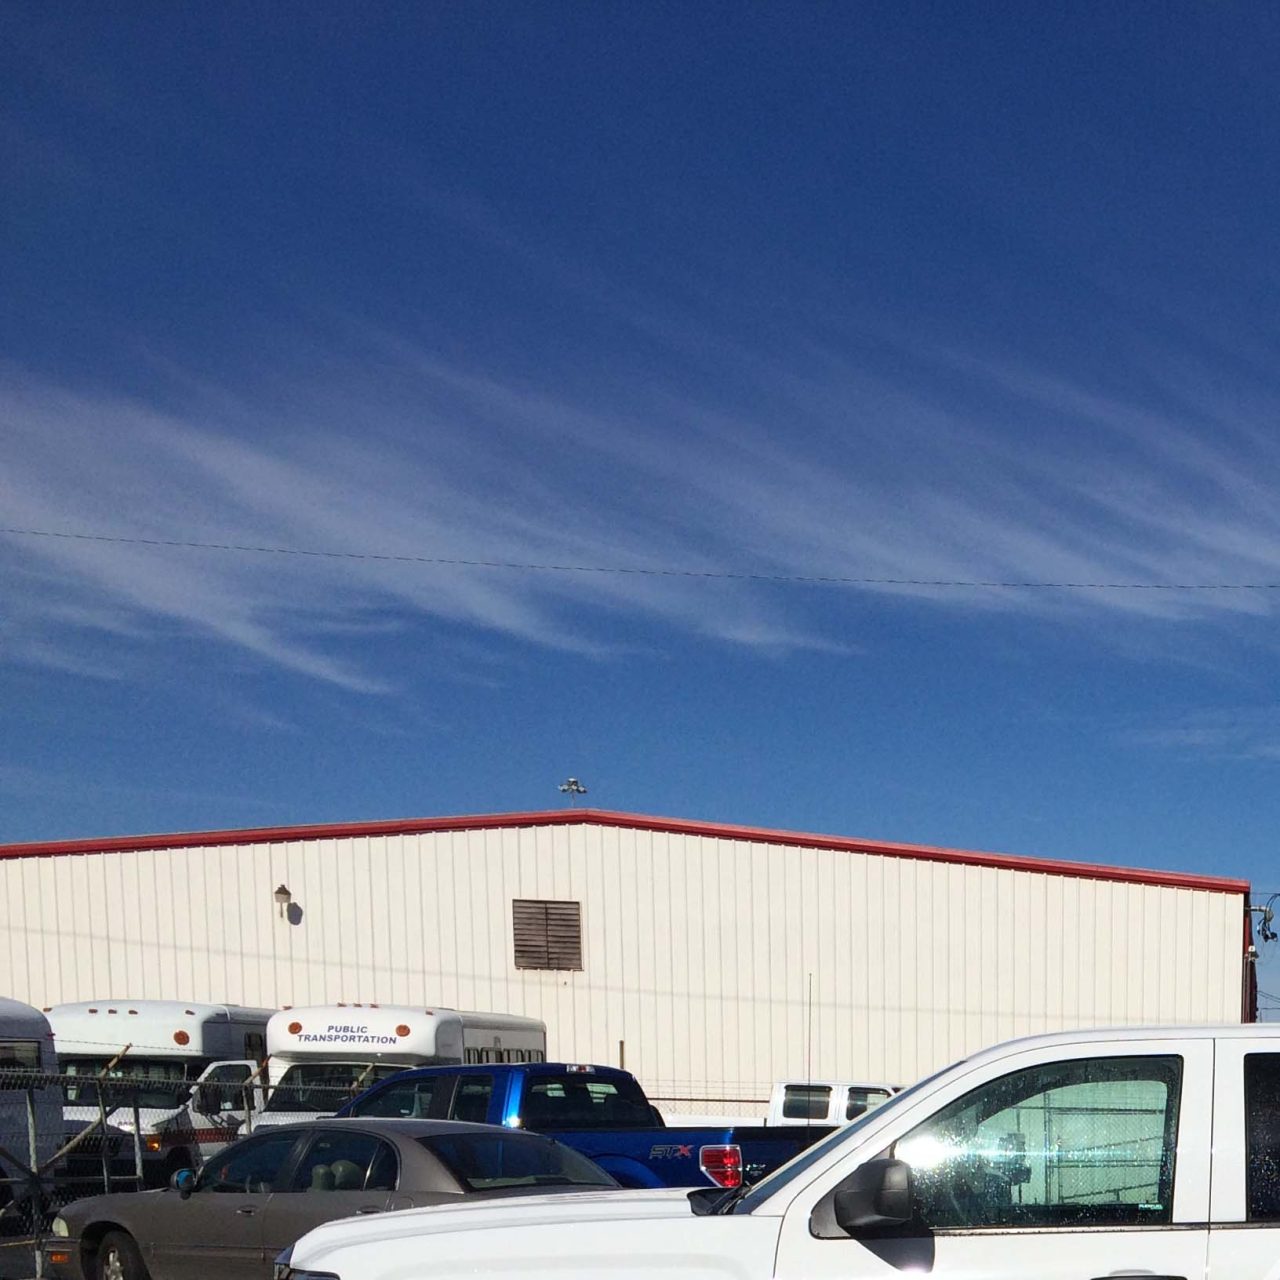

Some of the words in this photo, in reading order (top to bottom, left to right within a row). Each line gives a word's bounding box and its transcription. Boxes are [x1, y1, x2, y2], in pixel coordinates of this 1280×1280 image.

[327, 1025, 368, 1034] PUBLIC
[297, 1034, 397, 1045] TRANSPORTATION
[648, 1144, 694, 1160] STX
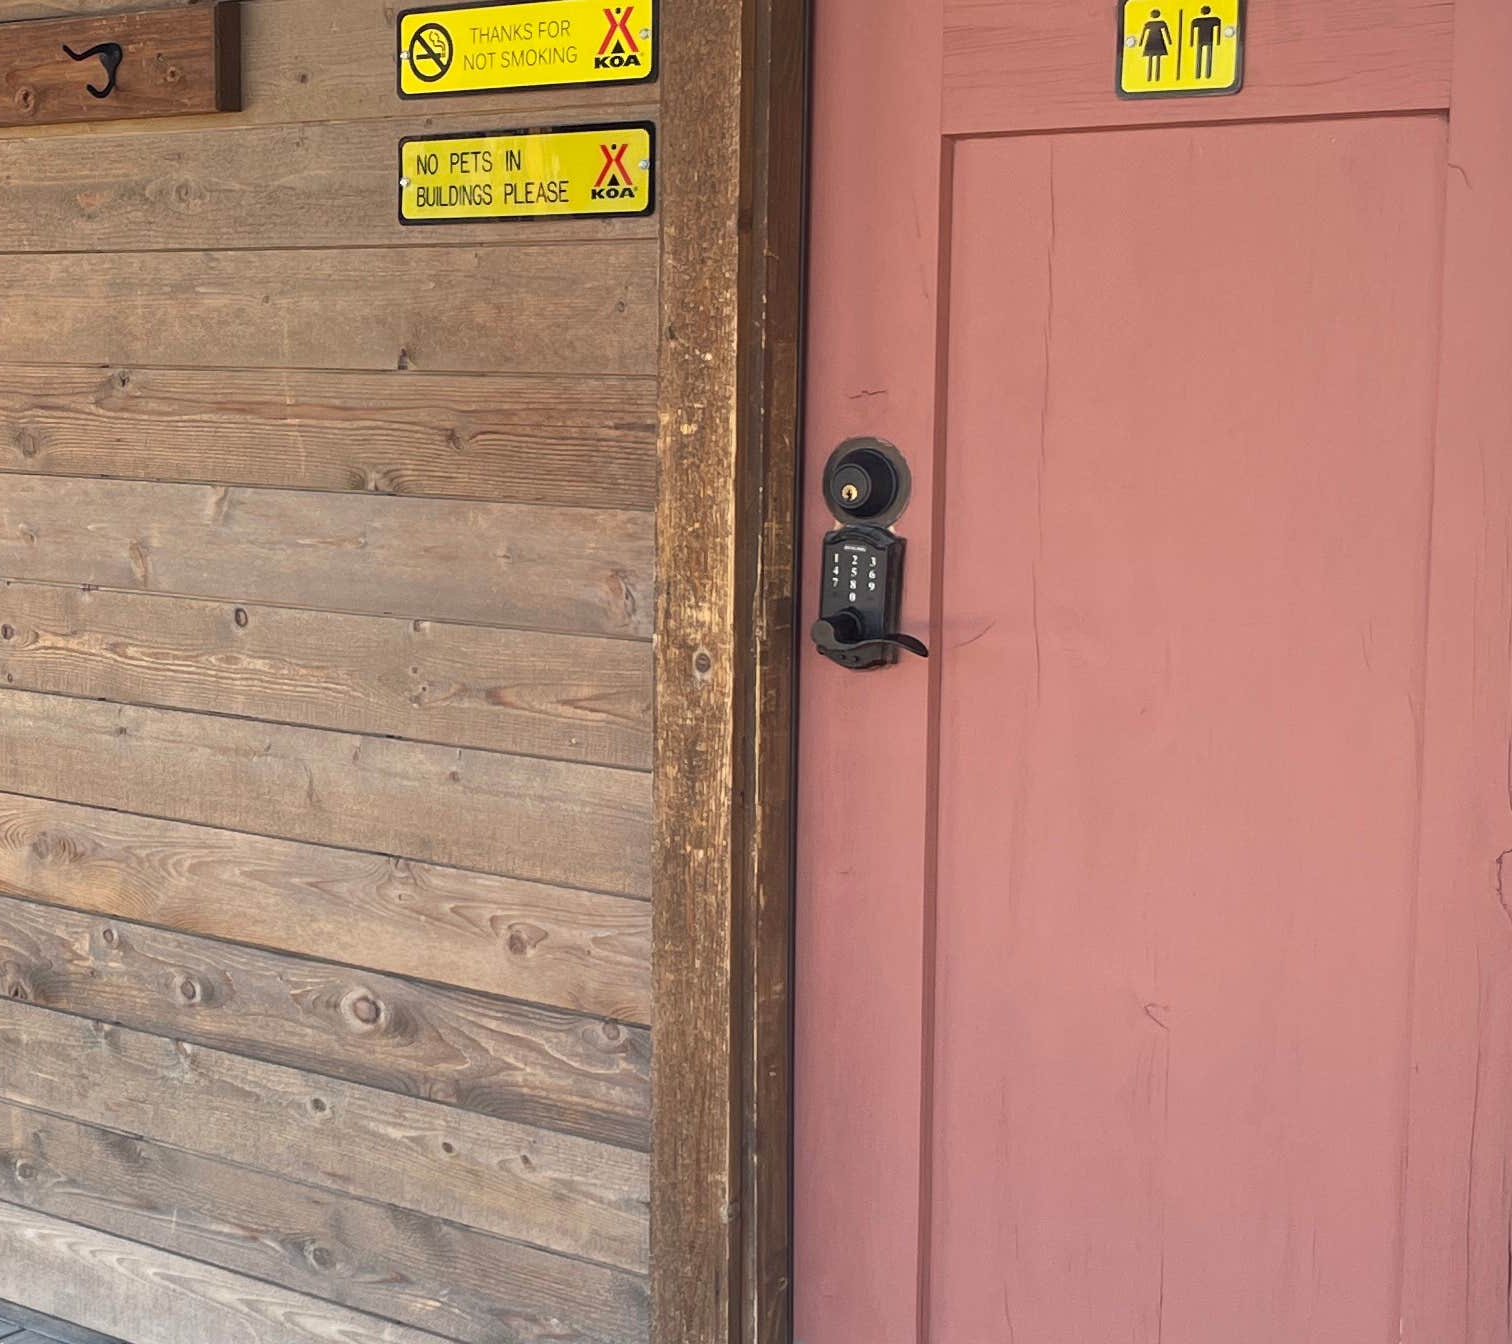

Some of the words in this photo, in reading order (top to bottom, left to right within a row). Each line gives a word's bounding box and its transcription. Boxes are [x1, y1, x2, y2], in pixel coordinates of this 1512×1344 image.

[470, 22, 533, 45] THANKS
[538, 20, 571, 40] FOR
[463, 52, 496, 71] NOT
[501, 46, 578, 69] SMOKING
[594, 54, 641, 69] KOA
[416, 154, 438, 175] NO
[450, 151, 492, 174] PETS
[505, 150, 521, 171] IN
[416, 184, 493, 207] BUILDINGS
[504, 181, 569, 204] PLEASE
[591, 188, 636, 200] KOA
[851, 554, 858, 565] 2
[869, 570, 876, 579] 6
[850, 579, 857, 590] 8
[868, 581, 876, 591] 9
---------------
Work request
Once the pictures are removed, output the entries above exactly as given.

Exercise result
Some of the words in this photo, in reading order (top to bottom, left to right within a row). Each line gives a word's bounding box and its transcription. Boxes are [x1, y1, x2, y2], in pixel coordinates of this 1280×1280 image.

[327, 1025, 368, 1034] PUBLIC
[297, 1034, 397, 1045] TRANSPORTATION
[648, 1144, 694, 1160] STX

Some of the words in this photo, in reading order (top to bottom, left to right within a row). Each line gives a word's bounding box and its transcription. Boxes are [x1, y1, x2, y2], in pixel coordinates of this 1512×1344 image.

[470, 22, 533, 45] THANKS
[538, 20, 571, 40] FOR
[463, 52, 496, 71] NOT
[501, 46, 578, 69] SMOKING
[594, 54, 641, 69] KOA
[416, 154, 438, 175] NO
[450, 151, 492, 174] PETS
[505, 150, 521, 171] IN
[416, 184, 493, 207] BUILDINGS
[504, 181, 569, 204] PLEASE
[591, 188, 636, 200] KOA
[851, 554, 858, 565] 2
[869, 570, 876, 579] 6
[850, 579, 857, 590] 8
[868, 581, 876, 591] 9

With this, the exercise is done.